EX-10.11 16 ea188861ex10-11_haoxi.htm ENGLISH TRANSLATION OF FRAMEWORK CONTRACT FOR MARKETING AND INFORMATION TECHNOLOGY SERVICES DATED JANUARY 1, 2022 BY AND BETWEEN THE OPERATING ENTITY AND SHENZHEN DONSON INFORMATION TECHNOLOGY CO. LTD

Exhibit 10.11

 

IN ACCORDANCE WITH ITEM 601 OF REGULATION S-K, CERTAIN IDENTIFIED INFORMATION HAS BEEN OMITTED FROM THE EXHIBIT BECAUSE IT IS BOTH (1) NOT MATERIAL AND (2) THE TYPE THAT THE REGISTRANT TREATS AS PRIVATE OR CONFIDENTIAL. [*] INDICATES THAT INFORMATION HAS BEEN REDACTED.

 

Contract No.:DXSD-XSXG-20220426-0002

 

 

 

 

 

 

 

 

 

 

 

 

 

 

Framework Contract for Marketing and Information Technology Services

 

 

 

 

 

 

 

 

 

Party A: Beijing Haoxi Digital Technology Co., Ltd.

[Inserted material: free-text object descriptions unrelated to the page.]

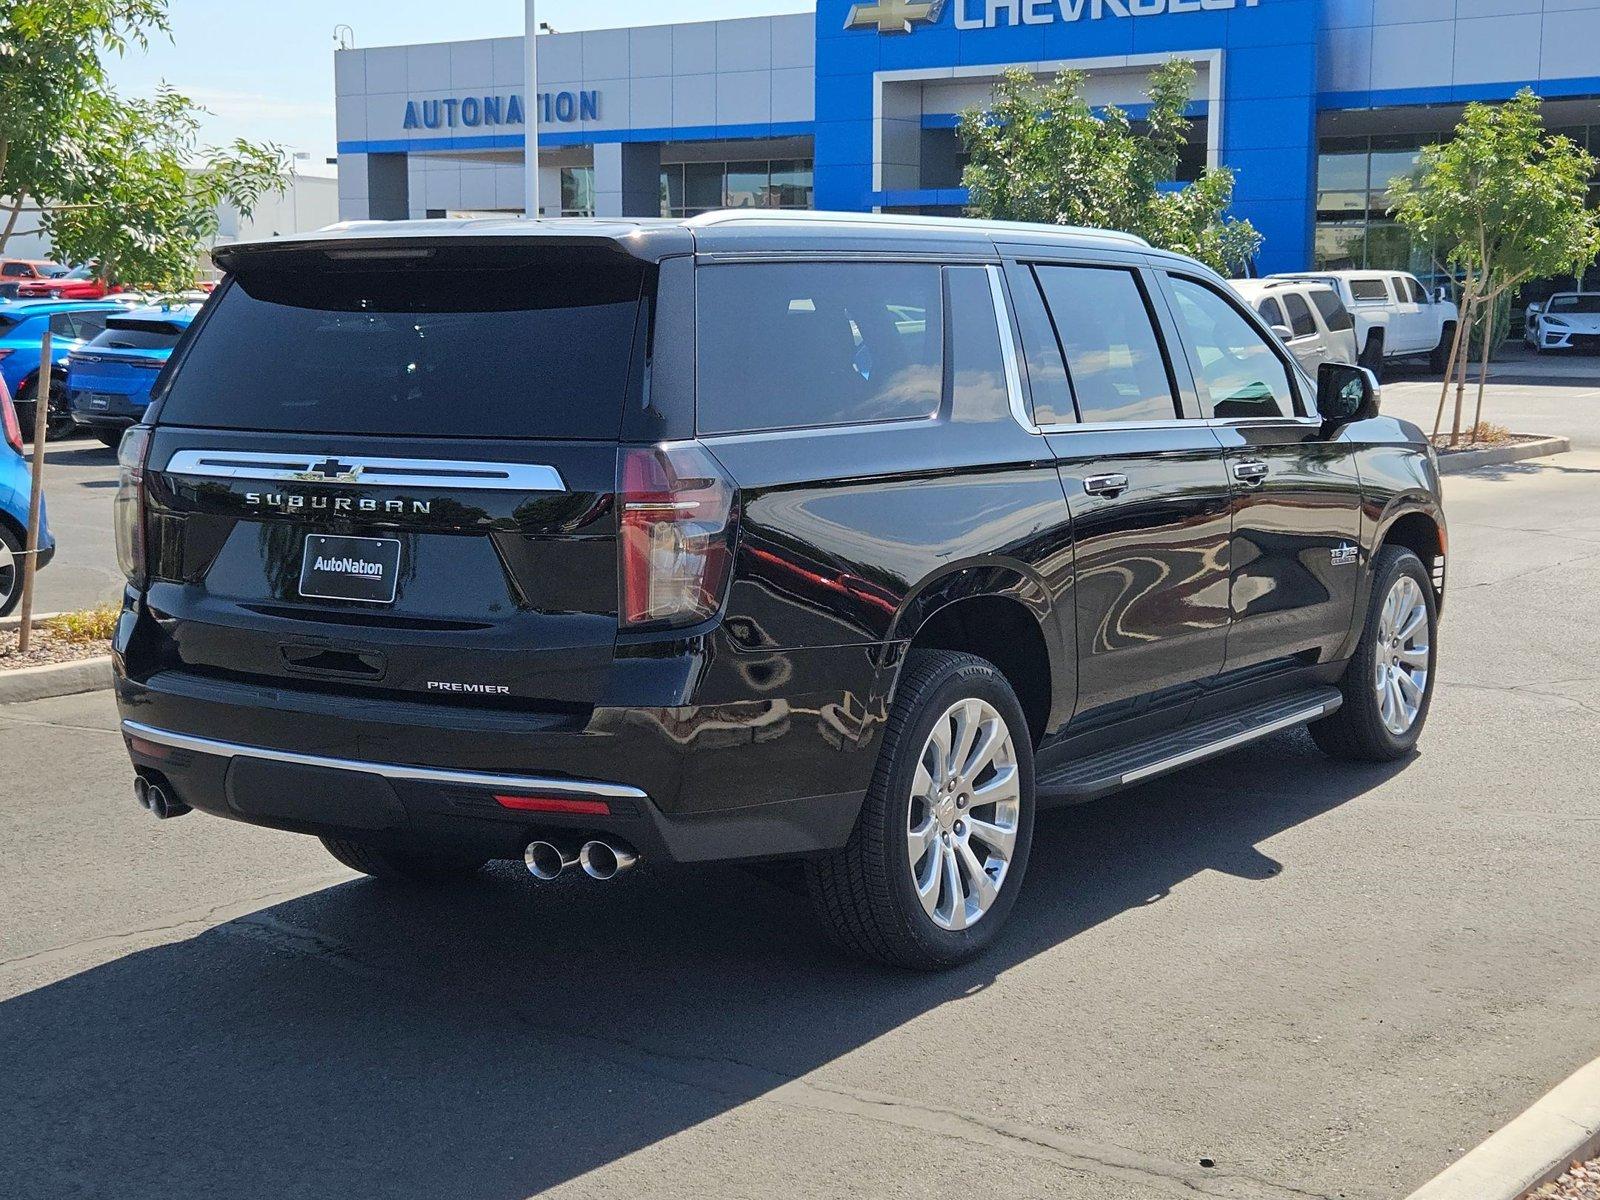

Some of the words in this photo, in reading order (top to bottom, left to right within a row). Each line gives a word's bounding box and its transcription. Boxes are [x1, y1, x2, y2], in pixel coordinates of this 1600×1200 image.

[953, 0, 1259, 30] CHEVR
[403, 90, 597, 129] AUTONAION
[245, 492, 431, 514] SUBURBAN
[314, 556, 383, 575] AutoNation
[427, 681, 511, 695] PREMIER
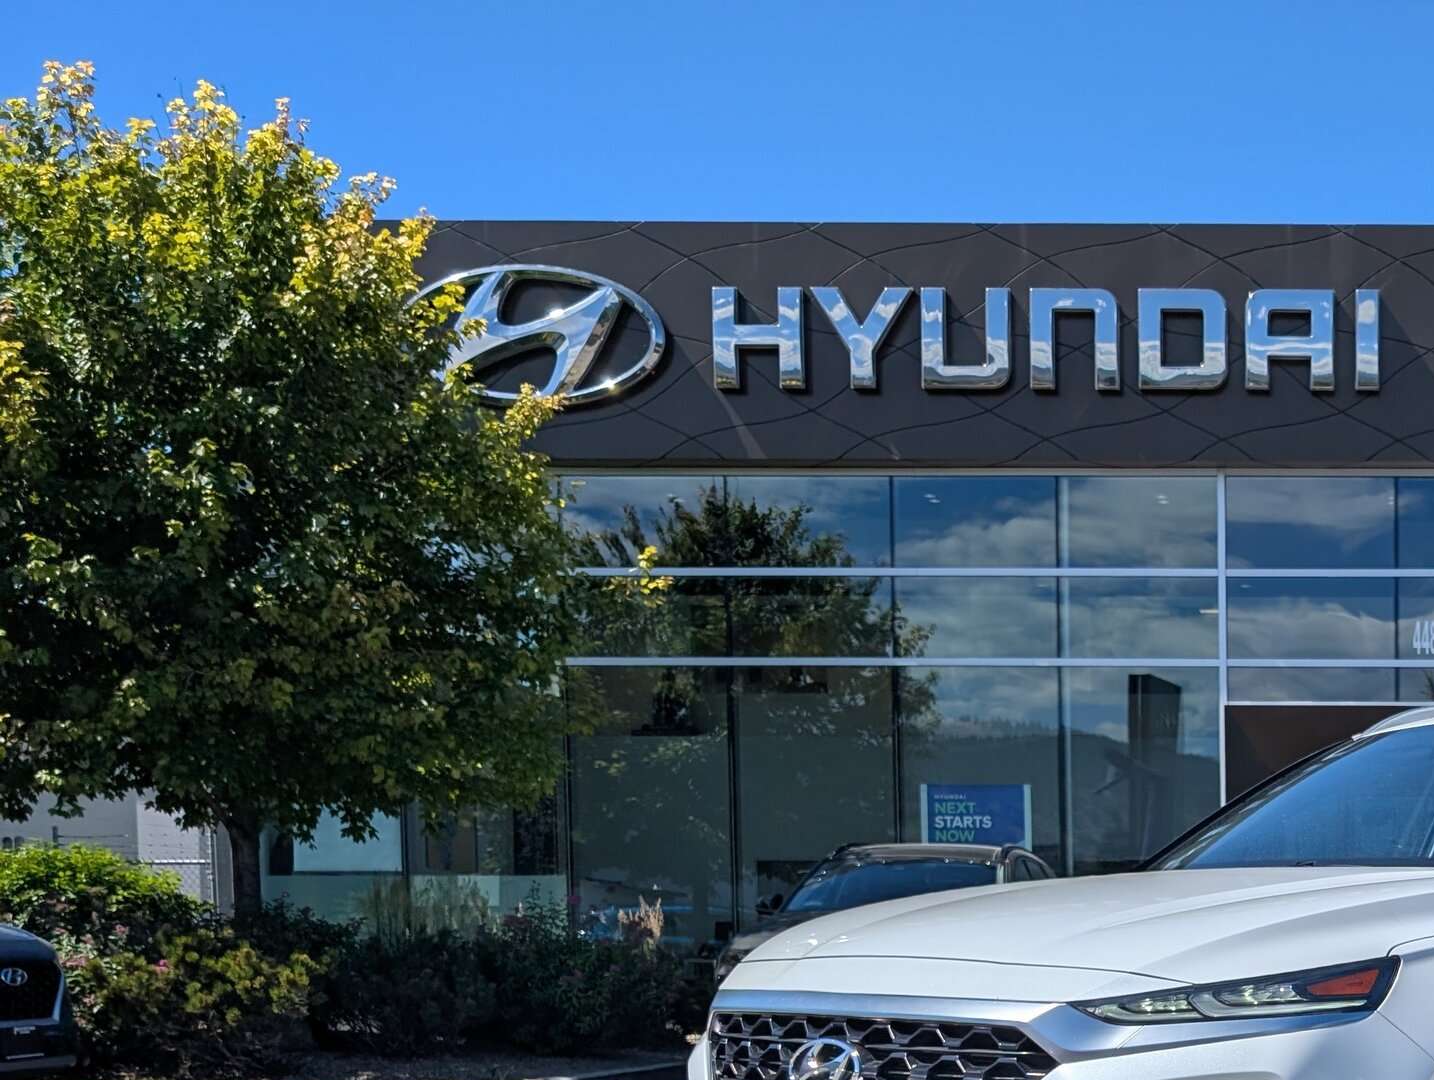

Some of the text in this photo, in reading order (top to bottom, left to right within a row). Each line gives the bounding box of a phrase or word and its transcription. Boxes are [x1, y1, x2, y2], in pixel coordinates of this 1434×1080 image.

[711, 286, 1381, 391] HYUNDAI
[935, 802, 976, 814] NEXT
[934, 815, 993, 829] STARTS
[935, 830, 976, 842] NOW

Party B : Shenzhen Donson Information Technology Co., Ltd.

Signing date: 2022

 

 

 

 

Framework Contract For Marketing And Information Technology Services

 

This “Framework Contract for Marketing and Information Technology Service” (hereinafter referred to as the “Contract”) was signed by the following parties on January 4, 2022 (hereinafter referred to as the “Signing Date”):

 

Party A: Beijing Haoxi Digital Technology Co., Ltd.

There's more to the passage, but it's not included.